Help using Base SAS procedures

Mass formatting

Reply
Contributor
Posts: 35

Mass formatting

Hello SAS Wizards,

Once again I find myself looking to your inestimable, collective wisdom.  My problem is pretty simple (I think), but I'm trying to find an efficient method that doesn't have me coding for hours.

Basically, I have two datasets; one older, one newer.  The older dataset has information from 1990 to 2010.  The newer dataset has information for 2011.  Each dataset has the same 82 variables with the same 82 variable names (though the variables are in a different order in the newer set).  The variable names do not follow an easy naming convention (by easy naming convention, I mean something like var1 through var82; instead the variables are named things like AccT, Dep, PIC, etc.)

The problem I have is that the older dataset has correct formatting (i.e., some variables are dates, some are characters, some are numeric) whereas the newer dataset has all variables stored as characters.  I need to get the two datasets appended into a single set (with the correct formatting of the older dataset), but if I PROC APPEND with FORCE, then all the numeric/date variables in the second dataset become missing because they are stored as characters.  Currently all I can come up with is writing hundreds of lines of code where I manually create a twin "new" variable in the newer dataset that is equal to the old variable but with correct formatting and then drop the old variable, but that will be hours of coding with potential for huge amounts of human error.

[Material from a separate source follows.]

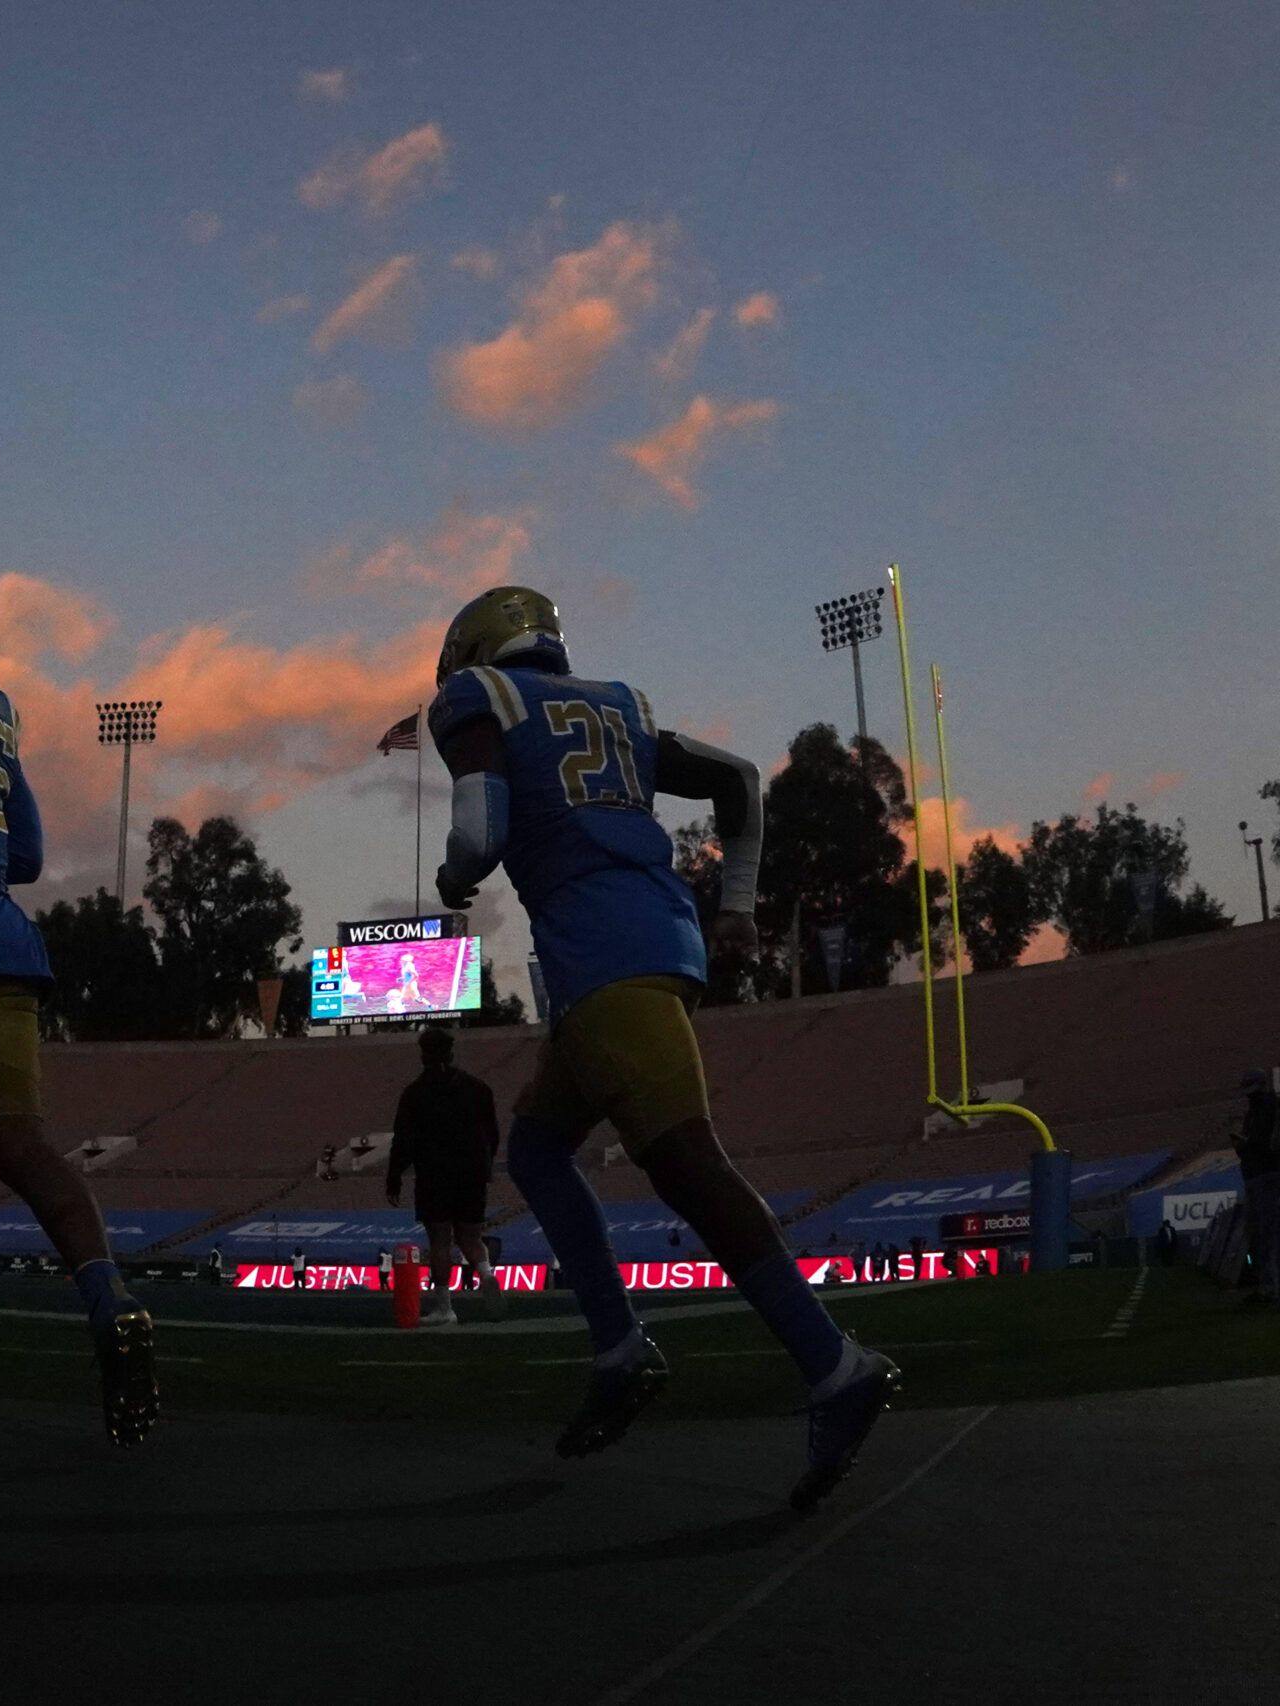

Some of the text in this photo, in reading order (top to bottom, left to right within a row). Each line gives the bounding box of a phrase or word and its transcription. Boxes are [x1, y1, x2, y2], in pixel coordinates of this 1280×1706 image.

[542, 700, 646, 808] 21
[349, 923, 421, 943] WESCOM
[984, 1213, 1031, 1231] redbox
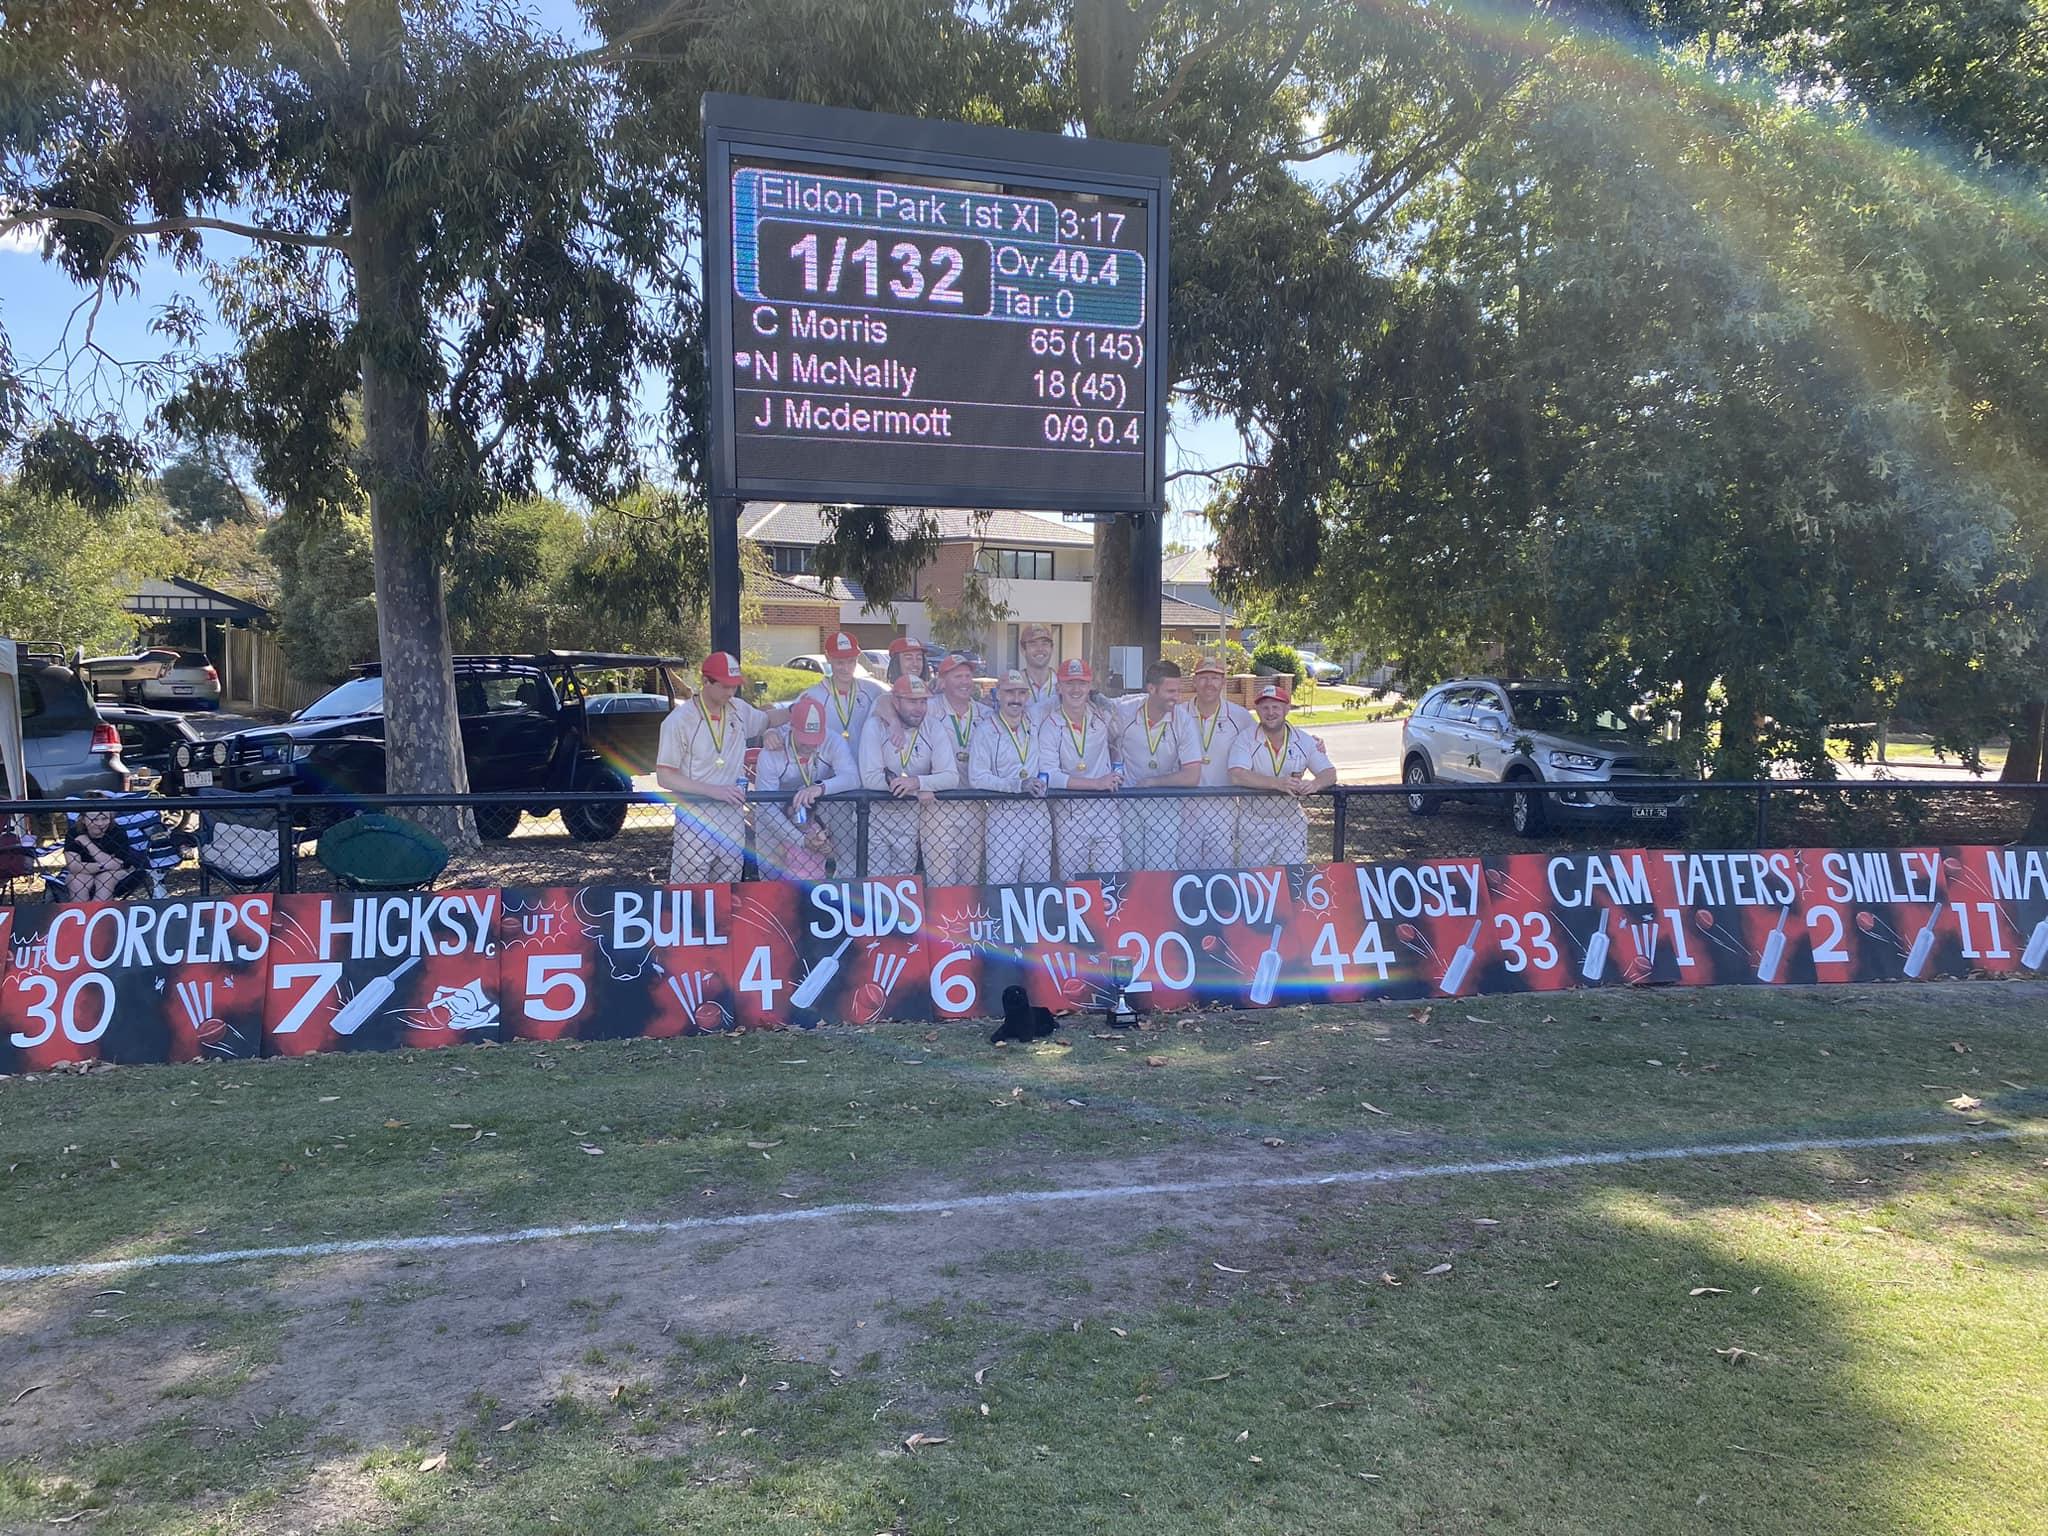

I'm mostly curious if there is an easy way to grab the formatting from the first dataset and then just quickly apply the formatting to the new dataset (the variables have the same names), or just some phenomenal coding-magic to get it done quickly, efficiently, and with as little human error as possible.

Thanks!

Super Contributor
Posts: 1,636

Re: Mass formatting

Hi,

the code below converts all the character variables in a dataset to numeric variables.

data have;

  input (a b c d e)($) ;

  cards;

11 22 33 44 55

  ;

proc sql noprint;

select catx(' ','input(',name,',best12.) as',name) into : list separated by ','

  from dictionary.columns

   where libname='WORK' and memname='HAVE' and type ='char'; /*note: libname and  memname must be capital letters */

create table want as

  select &list from have;

quit;

proc contents data=want;run;

Linlin

Contributor
Posts: 35

Re: Mass formatting

Roughly 1/10 of the variables need to remain formatted as character.  While a mass conversion to numeric gets me closer to what I need in terms of what percent of the variables are formatted correctly, strictly speaking it is not a perfect solution.

Super Contributor
Posts: 1,636

Re: Mass formatting

you can exclude the variables that should not be converted:

data have;

  input id sex (a b c d e)($) ;

  cards;

1 2 11 22 33 44 55

  ;

proc sql noprint;

select catx(' ','input(',name,',best12.) as',name) into : list1 separated by ','

  from dictionary.columns

   where libname='WORK' and memname='HAVE' and type ='char' and name not in ('a','b');

select name into : list2 separated by ','

  from dictionary.columns

   where libname='WORK' and memname='HAVE' and type ='num' ;

create table want as

  select &list1,&list2,a,b from have;

quit;

proc contents data=want;run;

Contributor
Posts: 35

Re: Mass formatting

There is some weird stuff happening with this code.  Some of my variables that need to be converted to numeric are stored as text in scientific notation (e.g., they might be stored in text as something similar to 9.785643E13), but when I run LinLin's code on them, rather than the result coming out as a numeric equivalent to the scientific notation, they are often truncated down to only the decimal part (i.e., the resulting number is only 9.785643, not 97856430000000).

Thoughts?

Super Contributor
Posts: 1,636

Re: Mass formatting

try to put your variables in scientific notation in &list3, your date variables in &list4 if you have any.

data have;
length f1 f2 $11 date1 date2 $10;
  input id sex (a b c d e)($) f1 f2 date1 date2;
  cards;
1 2 11 22 33 44 55 9.785643E13 8.785643E10 01/12/2012 2/12/2012
;
proc sql noprint;

select catx(' ','input(',name,',best32.) as',name) into : list1 separated by ','
  from dictionary.columns
   where libname='WORK' and memname='HAVE' and type ='char' and name not in ('a','b','f1','f2','date1','date2');

select name into : list2 separated by ','  from dictionary.columns 
   where libname='WORK' and memname='HAVE' and type ='num' ;

select catx(' ','input(',name,',e13.) as',name) into : list3 separated by ','  from dictionary.columns
   where libname='WORK' and memname='HAVE' and name in ('f1','f2');

select catx(' ','input(',name,',mmddyy10.) as',name) into : list4 separated by ','  from dictionary.columns
   where libname='WORK' and memname='HAVE' and name in ('date1','date2');

create table want as
  select &list1,&list2,&list3,&list4,a,b from have;

quit;
proc contents data=want;run;proc print;run;

Respected Advisor
Posts: 3,799

Re: Mass formatting

For this technique you will need to associate INFORMATS to the numeric variables that need them, especially SAS DATE variables.  In my example I just created the BASE data with PROC IMPORT from a CSV and it created the informats.  You could associate the informats permanently or with in INFORMAT statement I have mark the place below.  The entire self contained example is attached.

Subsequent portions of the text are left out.